E-cigarettes and non-combustible inhaled tobacco products

September 2017

Using their clinical judgement on an individual patient basis, primary care clinicians may wish to promote e-cigarettes use as a means to stopping. Patients choosing to use an e-cigarette in a quit attempt should be advised that seeking behavioural support alongside e-cigarette use increases the chances of quit success further.
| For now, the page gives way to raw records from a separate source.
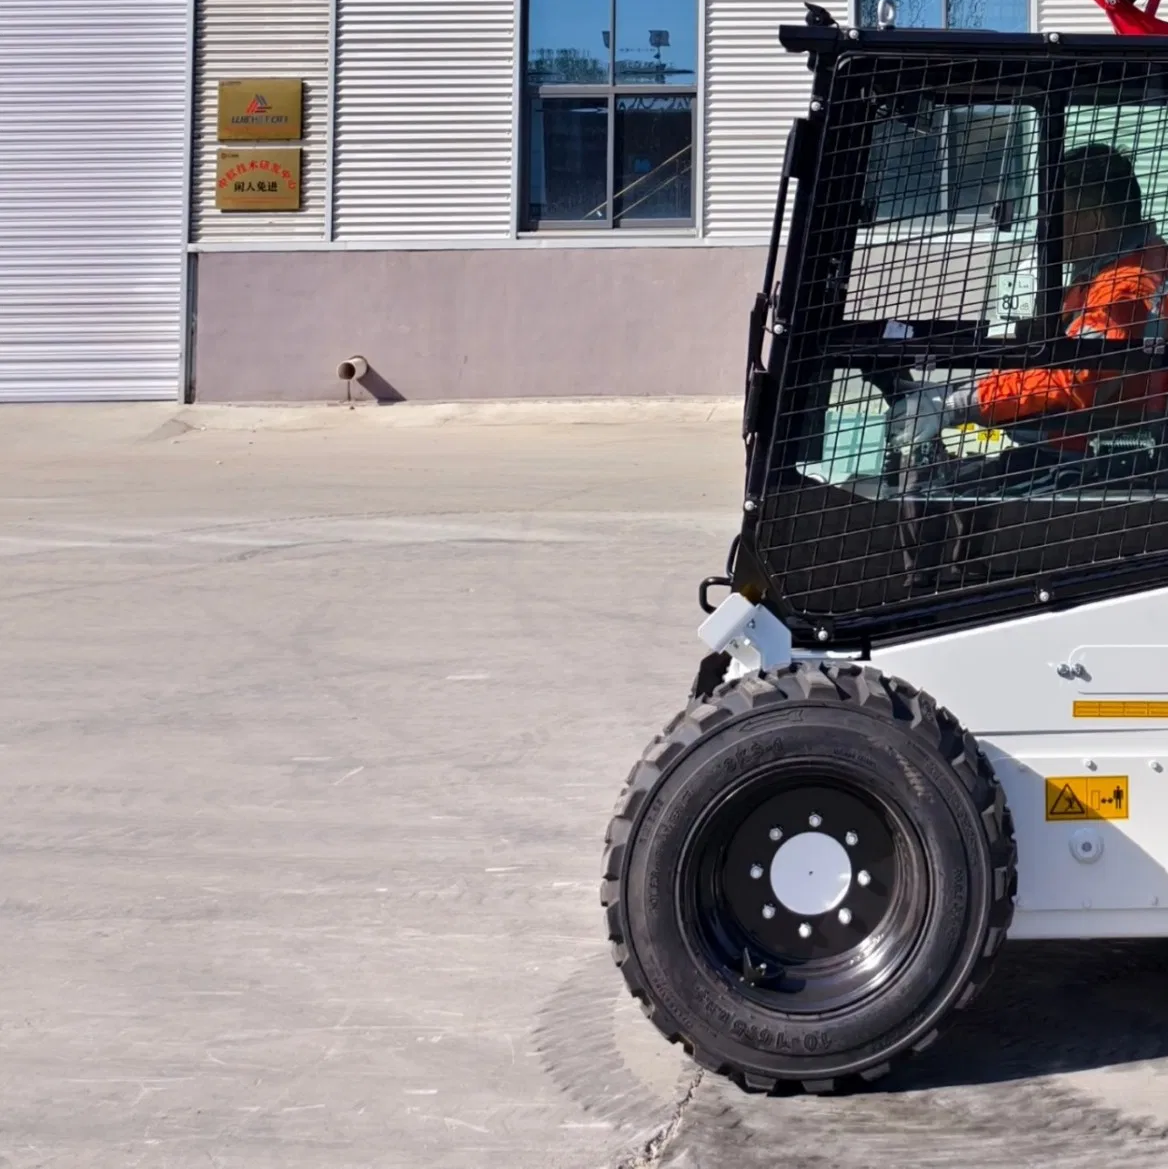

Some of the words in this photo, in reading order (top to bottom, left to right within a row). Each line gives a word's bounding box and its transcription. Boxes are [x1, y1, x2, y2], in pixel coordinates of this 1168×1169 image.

[234, 181, 278, 192] 闲人免进
[1002, 294, 1019, 310] 80
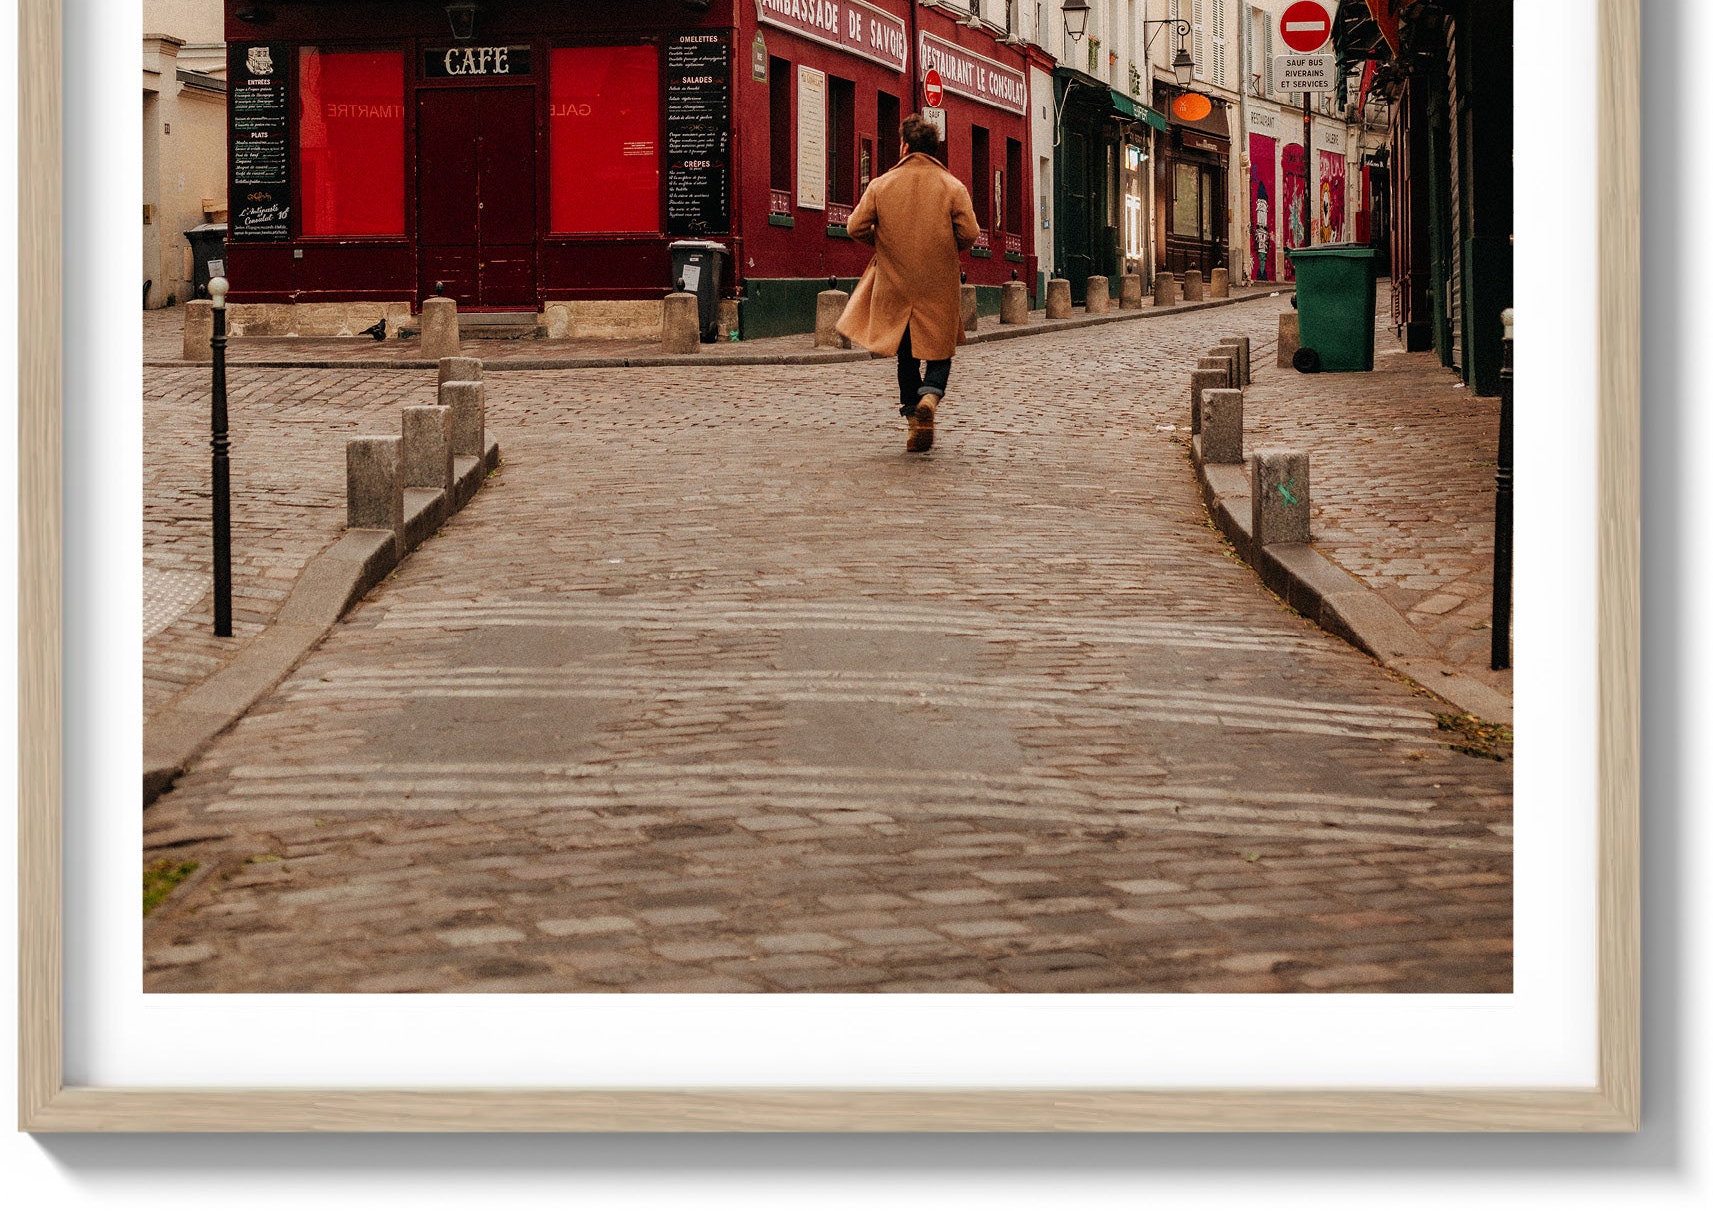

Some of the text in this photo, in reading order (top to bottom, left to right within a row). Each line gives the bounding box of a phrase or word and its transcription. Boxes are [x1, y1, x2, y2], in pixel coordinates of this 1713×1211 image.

[849, 9, 862, 42] DE
[870, 19, 904, 60] SAVOIE
[679, 35, 718, 43] OMELETTES
[1286, 59, 1306, 67] SAUF
[921, 44, 1024, 106] RESTAURANT LE CONSULAT
[682, 76, 713, 84] SALADES
[1293, 80, 1329, 88] SERVICES
[251, 131, 269, 139] PLATS
[684, 160, 711, 168] CRÊPES
Smoking tobacco is the single largest cause of preventable illness and premature death, being responsible for around 122,000 deaths a year in the UK1. Smoking accounts for 27% of all cancer deaths, 40% of all respiratory deaths and 20% of all circulatory disease deaths. It is in this context that smoking cessation is one of the most effective health interventions. Up until recent years, the main tools to support those trying to give up smoking have been behavioural support, nicotine replacement therapy, and oral bupropion or varenicline. Research shows that professional support alongside medication (as offered by local Stop Smoking Services) is the most effective approach, and is around three times more effective than going ’cold turkey’2.

Electronic cigarettes (ECs) are battery-powered devices that allow the inhalation, or “vaping” of an aerosol containing nicotine, that has the option of being flavoured. They became more widely available around 2007, following their invention in China in 2003, and global use has increased year on year. As of 2017, there are now 2.9 million adults in Great Britain using ECs. There are now more ex-smokers (52%) in Great Britain using ECs than dual users of both cigarettes and ECs (45%)3.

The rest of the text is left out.